Records shown Start Marker

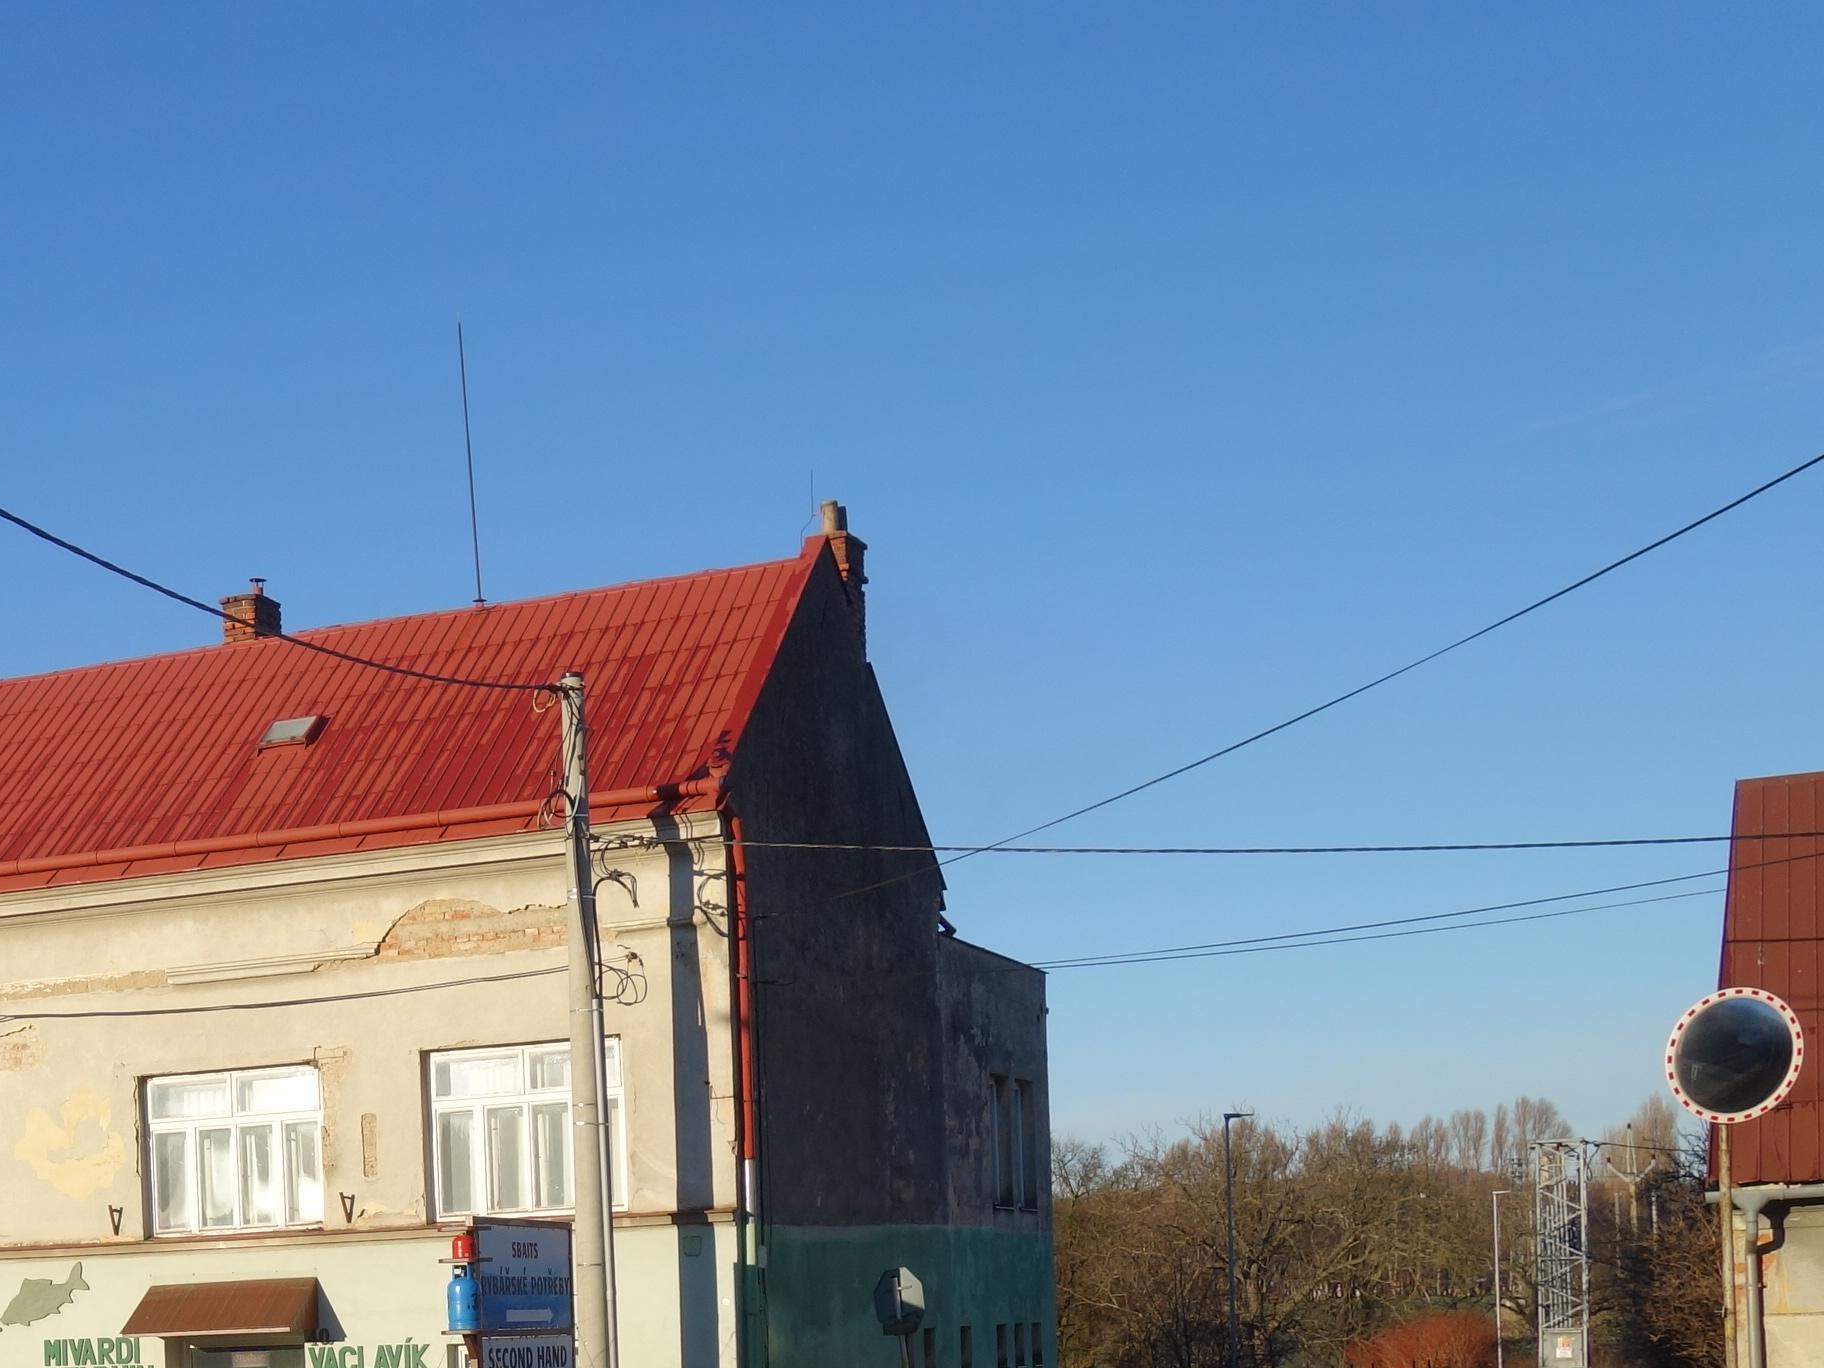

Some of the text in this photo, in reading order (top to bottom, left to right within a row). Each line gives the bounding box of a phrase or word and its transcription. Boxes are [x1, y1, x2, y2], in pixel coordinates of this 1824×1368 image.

[511, 1241, 539, 1259] SBAITS
[481, 1265, 571, 1297] RYBÁŘSKÉ POTŘEBY
[44, 1337, 141, 1366] MIVARDI
[536, 1345, 567, 1368] HAND
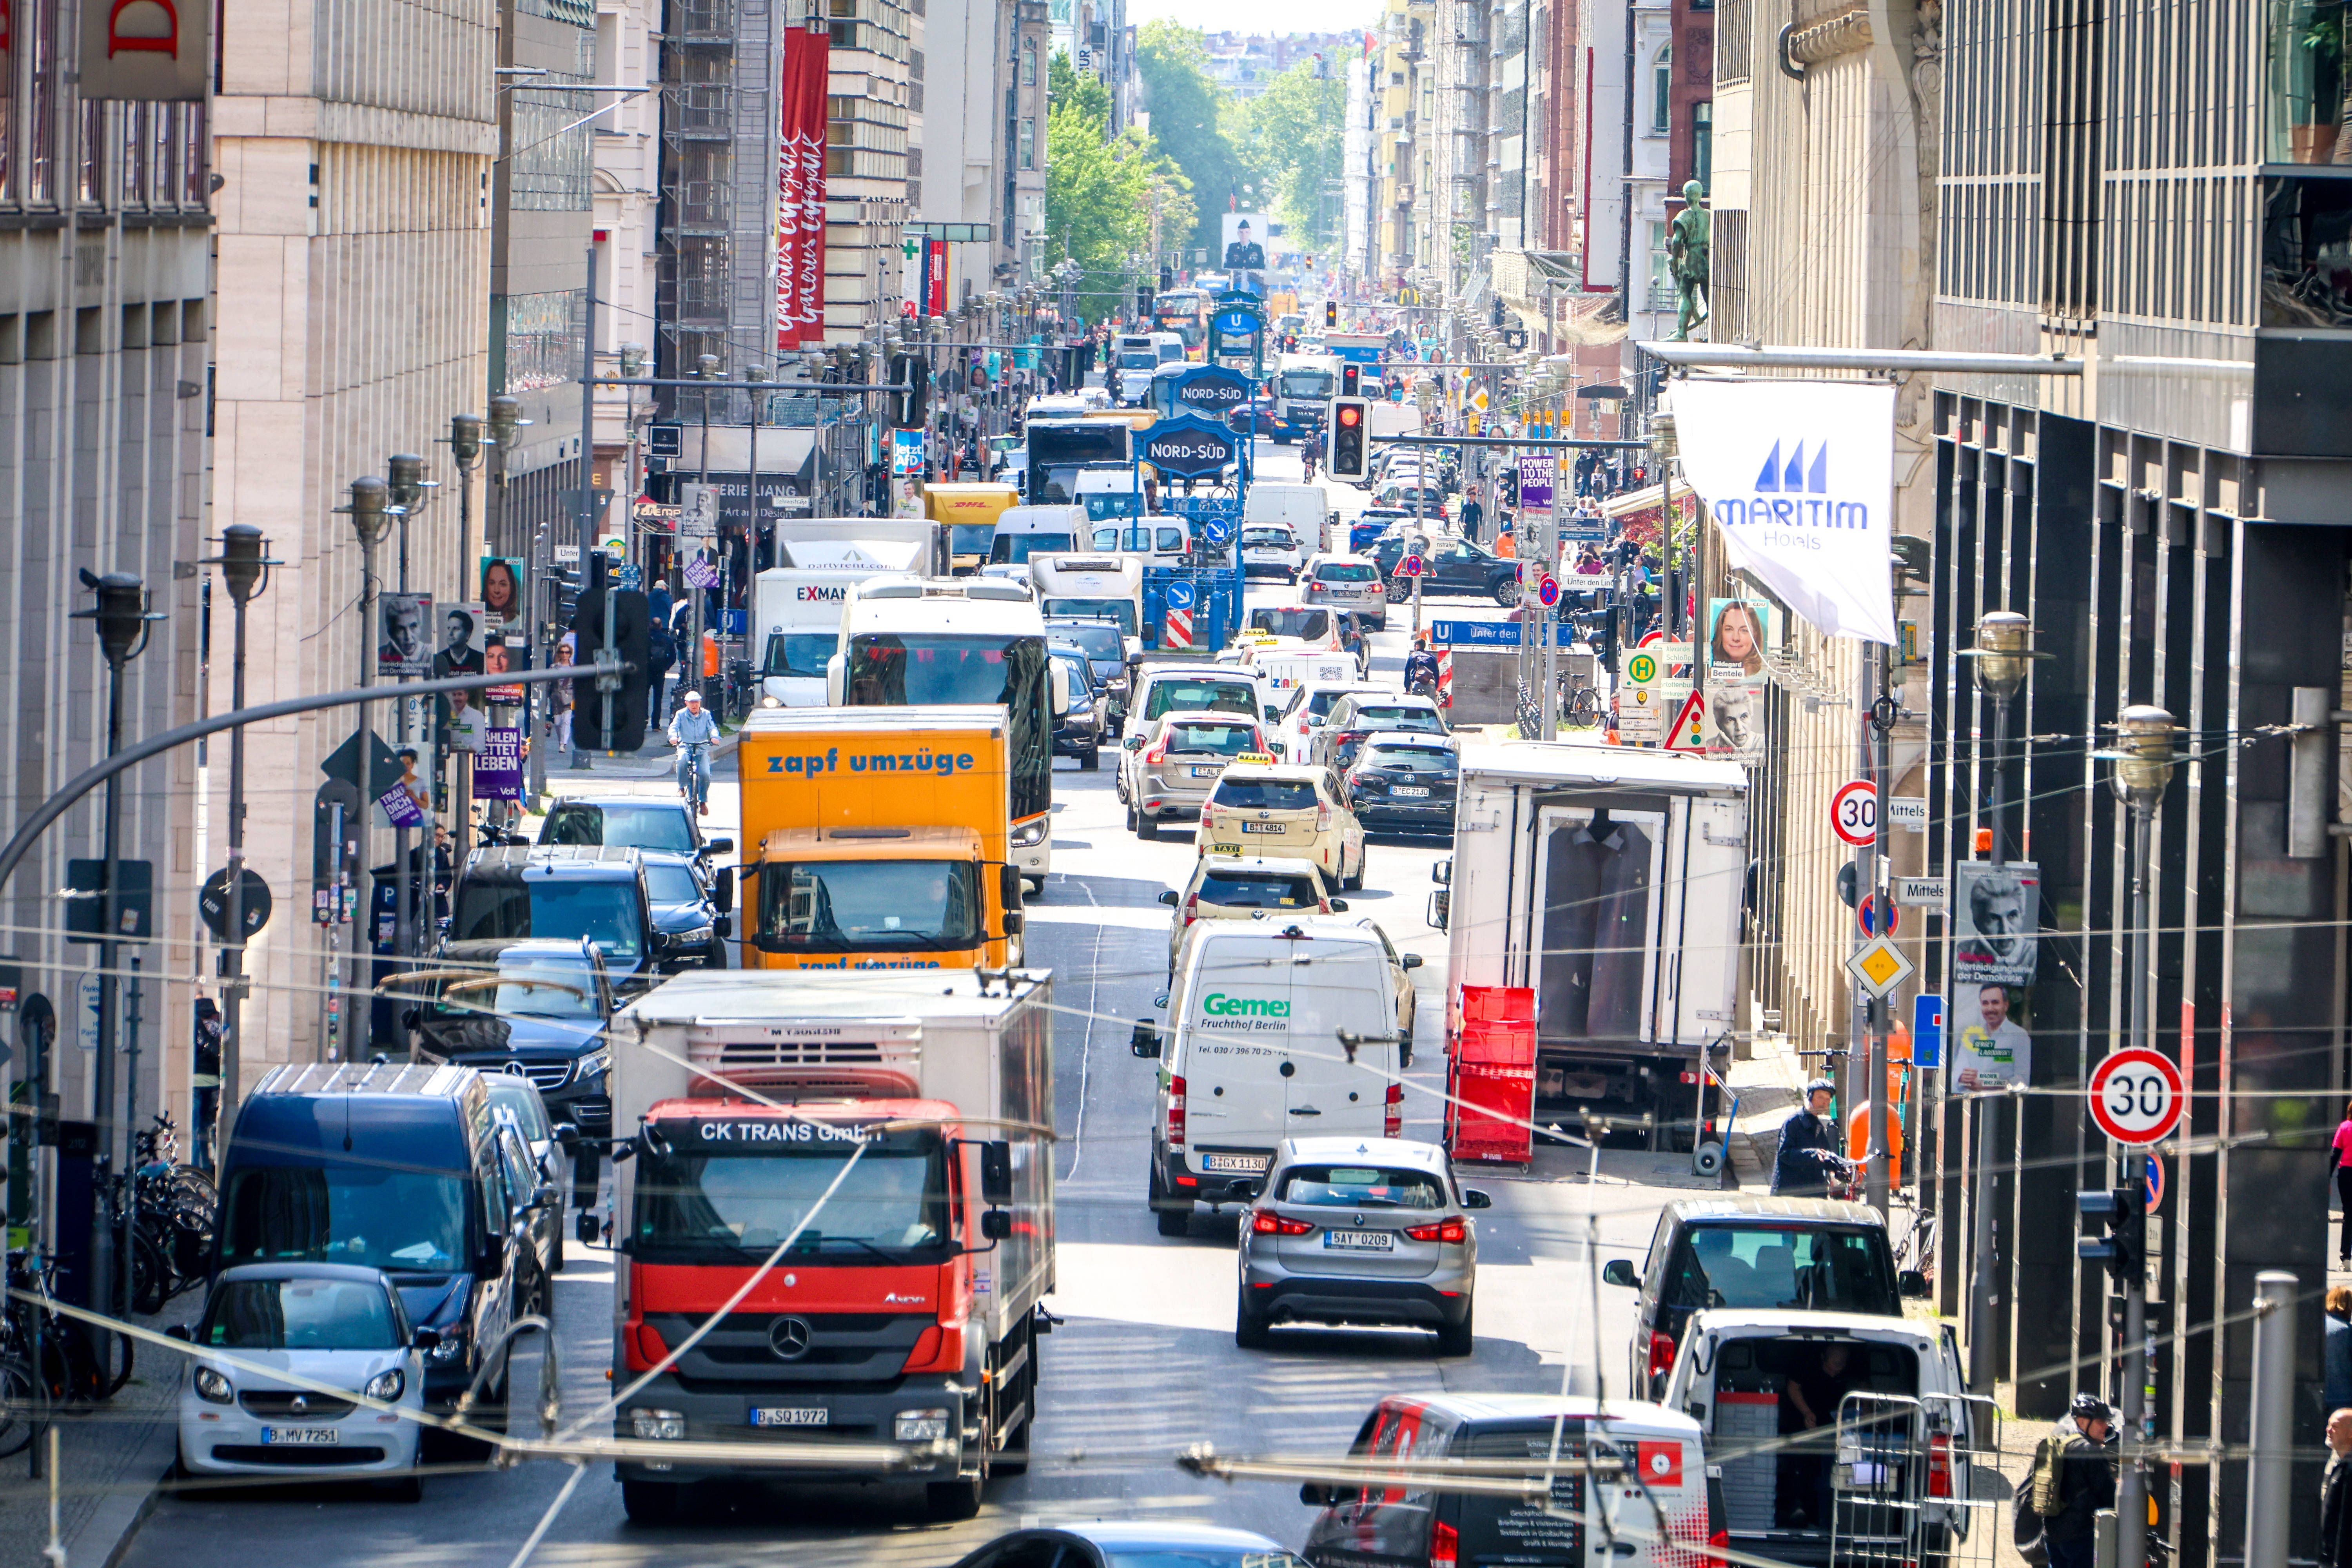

Records shown End Marker

» Work instruction
An unchanged copy of the data, images excluded, is all that should be given.

» Result of this exercise
Some of the text in this photo, in reading order (top to bottom, left to right within a row). Each line gives the bounding box of a phrase or word and its transcription. Boxes are [x1, y1, x2, y2], in pixel coordinates of this 1824×1368 image.

[511, 1241, 539, 1259] SBAITS
[481, 1265, 571, 1297] RYBÁŘSKÉ POTŘEBY
[44, 1337, 141, 1366] MIVARDI
[536, 1345, 567, 1368] HAND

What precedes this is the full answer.